The latest tech updates from the Oculus software, integrations, and docs teams are now available. Major updates include new features from the Avatar SDK and enhancements to the Unreal Engine 4 Integration and Oculus Utilities for Unity. Read on for more details.
Avatar SDK 1.26 introduces a visual overhaul of the Oculus Avatar system as announced at OC4 and launched with Oculus Go. Under-the-hood improvements boost performance, bringing you dynamic lighting on Rift, realistic mouth movements on Mobile and more to create a high quality, realistic avatar experience in VR. A few highlights include:
Dynamic Lighting on Rift —The updated look and feel uses a reference physically-based renderer on Rift. This delivers an Avatar that fits much better into the game world and in various lighting scenarios. Previous Avatars had a significant amount of pre-computed lighting which often made them stand out too much in well lit environments.
Lightweight Shader on Mobile — The new version of Avatars also adds a lightweight mobile shader, which achieves much of the full PBR with drastically reduced compute. The shader combines avatar meshes within the SDK and uses Unity's texture array functionality. The result is a mobile avatar requiring a single draw call per eye and lower GPU / CPU overhead overall from the shader.
Mouth Movement on Mobile — The mobile shader now adds subtle mouth movement to the user’s Avatar when speaking through VoIP.
More Consistent Testing — The Unity integration has been updated to make testing and development between PC and Mobile more consistent. An Android build configuration will use mobile meshes and force ASTC textures while in the Unity editor to help match the assets that will be seen by the user.
Noteworthy updates to the Unreal Engine Integration this month include:
Blueprint Support for Orientation and Positional Tracking – Unreal Blueprints are now provided to enable or disable orientation tracking and positional tracking. Orientation tracking is supported by the blueprint “Enable Orientation Tracking,” and is available on all Oculus headsets. Positional tracking is supported by the blueprint “Enable Position Tracking,” and is only available for the Oculus Rift. This feature can be useful, for example, if you wish to analyze an application's performance when tracking is disabled, and compare that to the performance characteristics when tracking is enabled.

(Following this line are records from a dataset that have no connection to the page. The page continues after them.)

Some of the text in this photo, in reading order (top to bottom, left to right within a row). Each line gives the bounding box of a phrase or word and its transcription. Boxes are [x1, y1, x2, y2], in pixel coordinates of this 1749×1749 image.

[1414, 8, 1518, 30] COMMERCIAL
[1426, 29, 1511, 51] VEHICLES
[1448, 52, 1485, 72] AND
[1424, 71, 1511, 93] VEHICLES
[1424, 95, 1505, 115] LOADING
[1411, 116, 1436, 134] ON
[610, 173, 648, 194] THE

Mirror Window FPS with Vulkan – A temporary feature has been applied so that rendering to a mirror window with the Vulkan API is not constrained by the display refresh rate of the monitor where the mirror window is shown. An improved method for handling this will be provided in the future.

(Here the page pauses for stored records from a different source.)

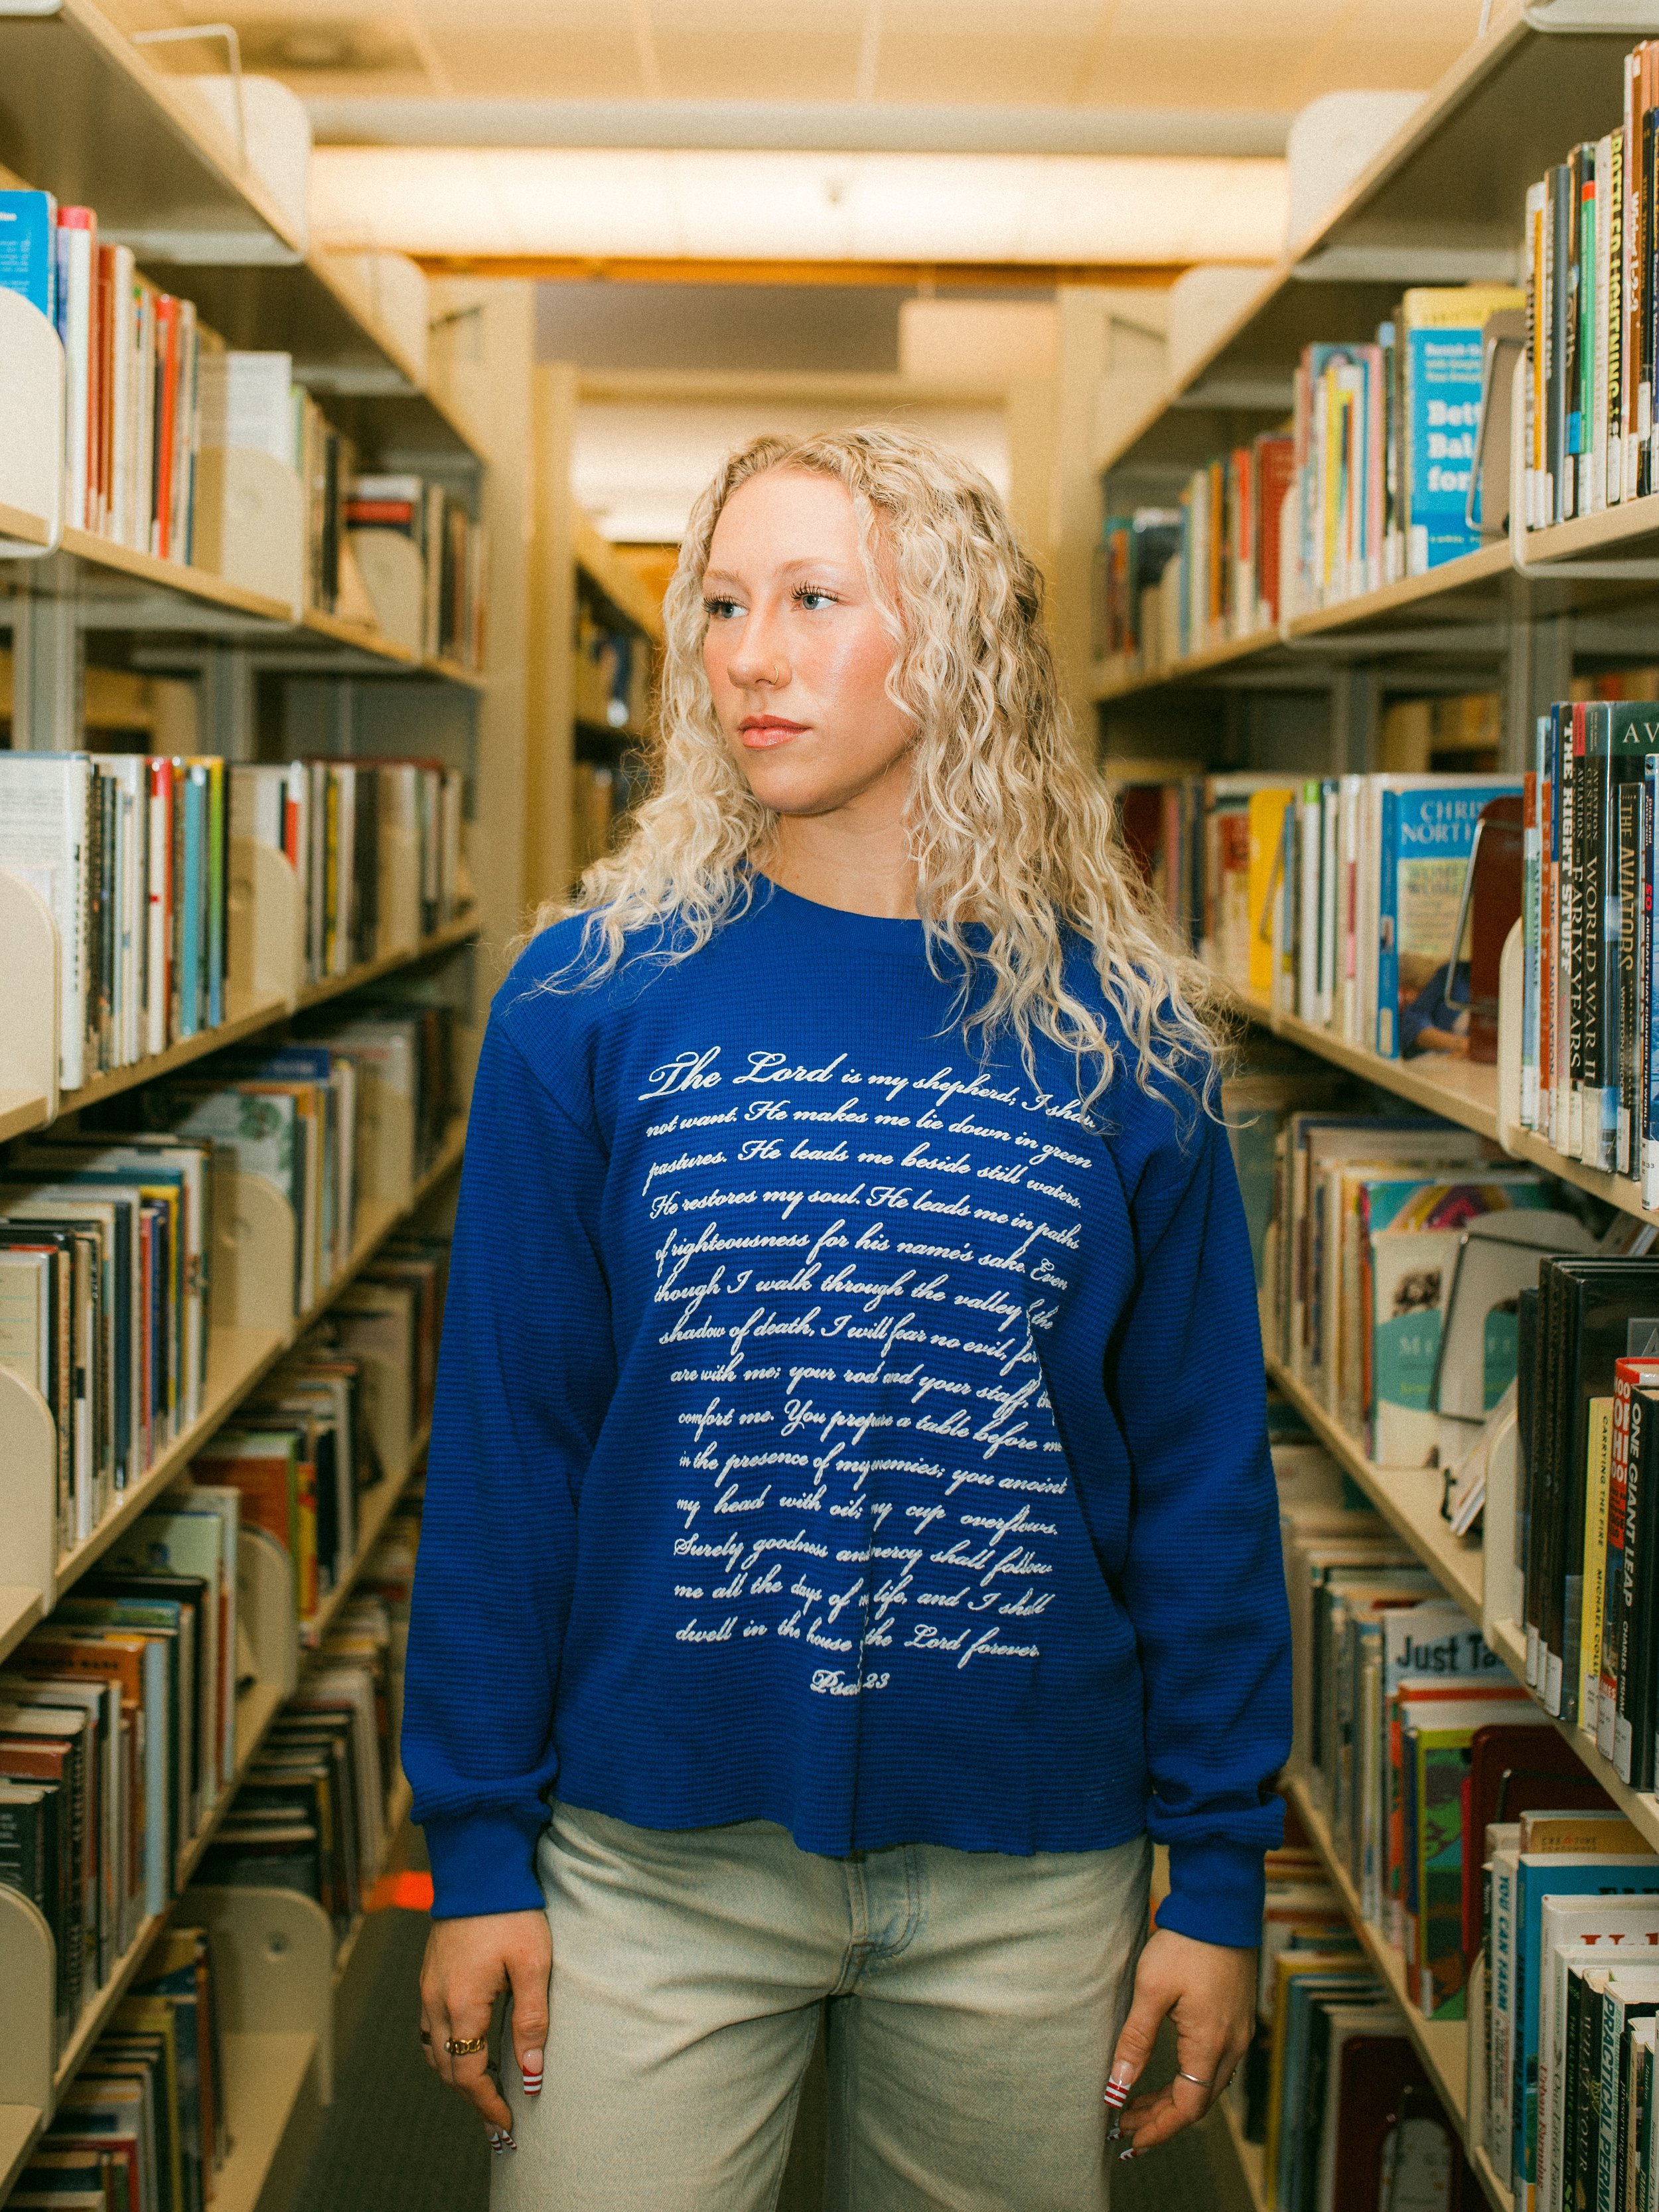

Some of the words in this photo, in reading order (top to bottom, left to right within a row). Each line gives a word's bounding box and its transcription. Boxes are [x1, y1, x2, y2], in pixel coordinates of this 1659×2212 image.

[1609, 258, 1622, 400] LIGHTNING
[1427, 432, 1475, 459] Bal
[1563, 721, 1573, 779] THE
[1421, 800, 1484, 824] CHRI
[1562, 787, 1573, 877] RIGHT
[1621, 804, 1633, 838] THE
[1571, 864, 1583, 962] EARLY
[1585, 855, 1598, 972] WORLD
[1618, 846, 1634, 970] AVIATORS
[1644, 883, 1653, 911] 50
[1561, 883, 1573, 974] STUFF
[1570, 970, 1582, 1067] YEARS
[1585, 981, 1597, 1048] WAR
[638, 1046, 722, 1100] The
[733, 1051, 848, 1084] Lord
[841, 1069, 862, 1083] is
[868, 1075, 908, 1101] my
[913, 1067, 1020, 1106] shepherd;
[1022, 1095, 1050, 1111] I
[1585, 1059, 1596, 1080] II
[646, 1115, 679, 1137] not
[680, 1113, 737, 1129] want.
[744, 1100, 790, 1121] He
[793, 1098, 869, 1123] makes
[875, 1115, 910, 1126] me
[916, 1109, 944, 1130] lie
[948, 1114, 1011, 1141] down
[1015, 1132, 1039, 1148] in
[1040, 1145, 1092, 1168] green
[642, 1152, 727, 1197] pastures.
[738, 1139, 784, 1160] He
[790, 1139, 849, 1161] leads
[857, 1153, 893, 1165] me
[901, 1142, 971, 1173] beside
[977, 1165, 1020, 1184] still
[1027, 1180, 1081, 1209] waters.
[650, 1191, 680, 1219] He
[682, 1189, 757, 1211] restores
[762, 1191, 804, 1220] my
[808, 1183, 865, 1205] soul.
[866, 1187, 912, 1209] He
[912, 1190, 971, 1216] leads
[974, 1209, 1009, 1223] me
[1011, 1213, 1034, 1230] in
[1023, 1223, 1082, 1249] paths
[656, 1228, 677, 1278] of
[672, 1222, 810, 1274] righteousness
[806, 1219, 849, 1265] for
[855, 1222, 890, 1251] his
[897, 1242, 974, 1262] name's
[1031, 1258, 1067, 1290] Even
[654, 1271, 725, 1315] though
[727, 1270, 753, 1293] I
[756, 1262, 822, 1291] walk
[821, 1264, 904, 1312] through
[911, 1274, 948, 1301] the
[954, 1291, 1022, 1332] valley
[1031, 1305, 1059, 1329] the
[659, 1315, 725, 1344] shadow
[729, 1307, 764, 1356] of
[754, 1307, 815, 1337] death,
[821, 1315, 852, 1337] I
[847, 1317, 894, 1339] will
[881, 1313, 926, 1358] fear
[930, 1335, 961, 1348] no
[964, 1341, 1007, 1361] evil,
[671, 1369, 698, 1382] are
[701, 1352, 745, 1382] with
[743, 1367, 781, 1380] me;
[786, 1367, 836, 1394] your
[843, 1361, 885, 1383] rod
[883, 1364, 924, 1384] and
[911, 1376, 972, 1404] your
[678, 1397, 735, 1442] comfort
[739, 1411, 774, 1425] me.
[781, 1400, 826, 1436] You
[897, 1418, 911, 1427] a
[916, 1410, 971, 1438] table
[973, 1420, 1038, 1459] before
[1600, 1416, 1609, 1484] CARRYING
[1630, 1402, 1641, 1458] ONE
[680, 1451, 691, 1467] in
[693, 1441, 719, 1470] the
[715, 1453, 808, 1487] presence
[813, 1441, 845, 1485] of
[835, 1460, 870, 1491] my
[945, 1470, 995, 1495] you
[999, 1478, 1067, 1494] anoint
[677, 1499, 700, 1529] my
[714, 1484, 771, 1513] head
[780, 1485, 827, 1511] with
[830, 1494, 866, 1519] oil;
[871, 1503, 893, 1532] my
[906, 1505, 946, 1534] cup
[960, 1505, 1057, 1546] overflows.
[1625, 1462, 1638, 1544] GIANT
[674, 1532, 744, 1573] Surely
[741, 1530, 828, 1570] goodness
[930, 1540, 995, 1570] shall
[980, 1546, 1052, 1587] follow
[1623, 1546, 1635, 1607] LEAP
[674, 1585, 703, 1598] me
[712, 1573, 748, 1598] all
[751, 1564, 783, 1594] the
[791, 1574, 822, 1615] days
[828, 1578, 864, 1624] of
[874, 1577, 907, 1620] life,
[917, 1587, 970, 1607] and
[968, 1593, 1001, 1610] I
[999, 1588, 1055, 1616] shall
[676, 1616, 738, 1643] dwell
[743, 1621, 767, 1637] in
[778, 1611, 801, 1639] the
[806, 1617, 852, 1652] house
[865, 1617, 895, 1647] the
[904, 1625, 971, 1650] Lord
[1396, 1635, 1459, 1671] Just
[863, 1673, 890, 1688] 23
[1499, 1876, 1510, 1911] YOU
[1498, 1917, 1509, 1955] CAN
[1497, 1959, 1508, 2011] FARM
[1540, 2065, 1548, 2115] Urban
[1601, 1995, 1615, 2130] PRACTICAL
[1538, 2121, 1548, 2191] Farming
[1579, 2105, 1589, 2172] YOUR

Reduced Dependency on Google GMS – The Oculus Unreal integration is now less dependent on Google Mobile Services (GMS) API calls, when compiled for Gear VR.

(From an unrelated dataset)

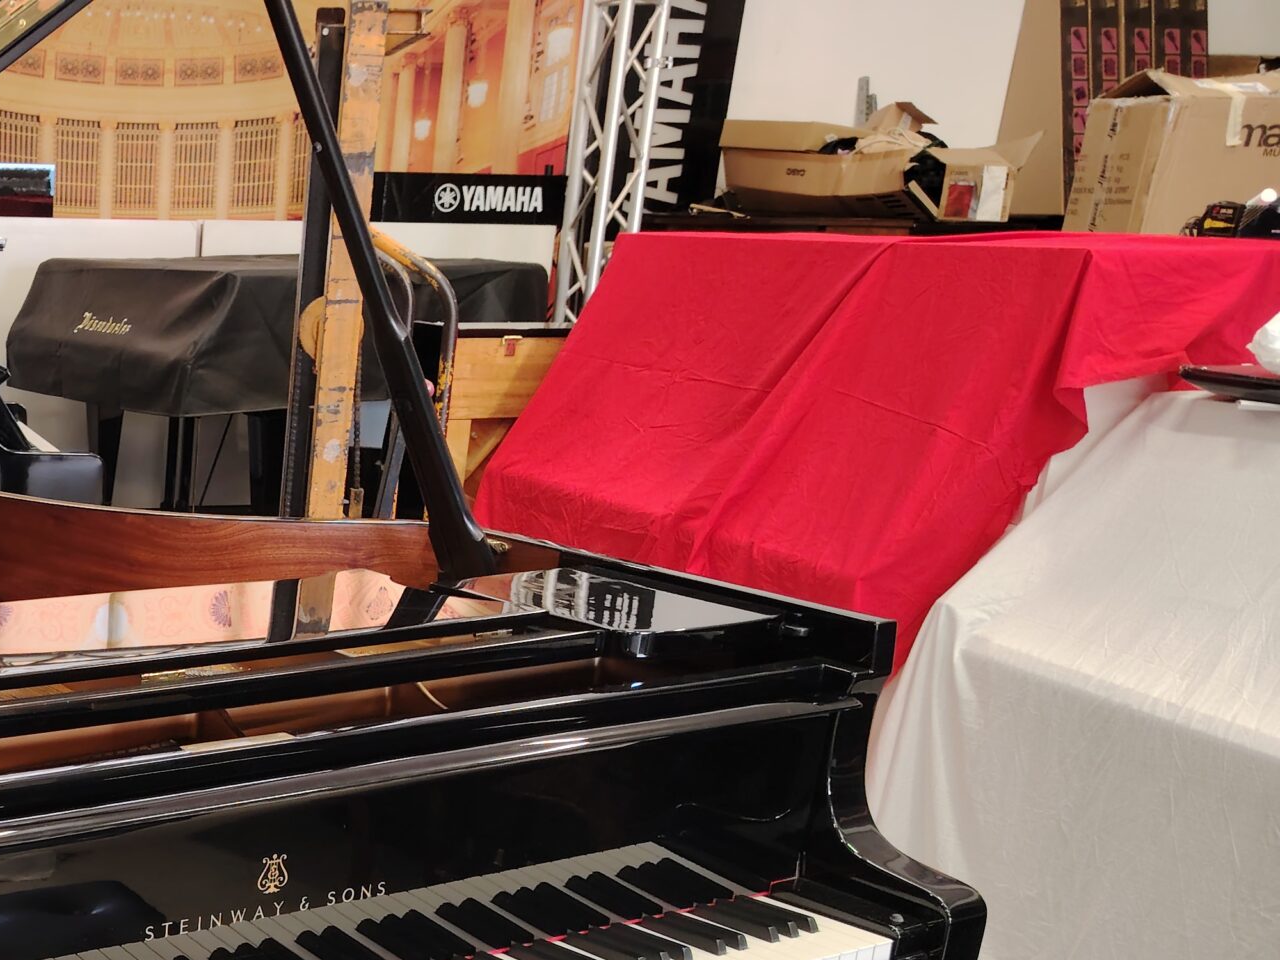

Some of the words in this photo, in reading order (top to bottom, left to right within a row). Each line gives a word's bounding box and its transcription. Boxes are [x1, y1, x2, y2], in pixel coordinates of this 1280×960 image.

Vibration and Global Sound Settings for Android – By default when you package an Android application, it asks for permissions to vibrate the phone and modify the global sound volume. These settings are counterproductive with VR applications, and have been removed.
Name Change for UE4 Editor Setting – The setting called “Configure the AndroidManifest for deployment to GearVR” in the Unreal Editor, under Project Settings > Android > Advanced APK Packaging, has been renamed to “Configure the AndroidManifest for deployment to Oculus Mobile.” This change was made because Oculus now supports two mobile platforms, Oculus Go and Gear VR.
Controller Input Read from Previous Frame – Fixed a bug where controller input was being read from the previous frame's data (causing a potential race condition).
There were no new features or API changes in this release. A few updates to keep in mind for the upcoming PC SDK 1.27 include:
The demo applications that are provided with the PC SDK will support Visual Studio 2017, in addition to Visual Studio version 2015. We will be removing support for Visual Studio 2010, 2012 and 2013 in the upcoming PC SDK 1.27. For more information, see Getting Started with the Demos.
LibOvr.lib will be changing to a dll. This means we'll be removing the 2010, 2012, 2013 and 2015 versions of LibOvr.lib and the source. To replace it we will ship the headers and a dll. As a result, developers will need to update their app to load this dll at runtime.
Earlier this month we launched Oculus Go. We look forward to seeing your apps and hearing about your successes on the first standalone VR headset from Oculus. Be sure to visit the Developer Center and Developer Blog for everything you need to know about development best practices, performance tricks and submission guidelines.
Oculus On the Road
We always love meeting you in person. Here are some events we'll be attending. Hope to see you there!
We will be at E3 on June 12-14 in Los Angeles, CA.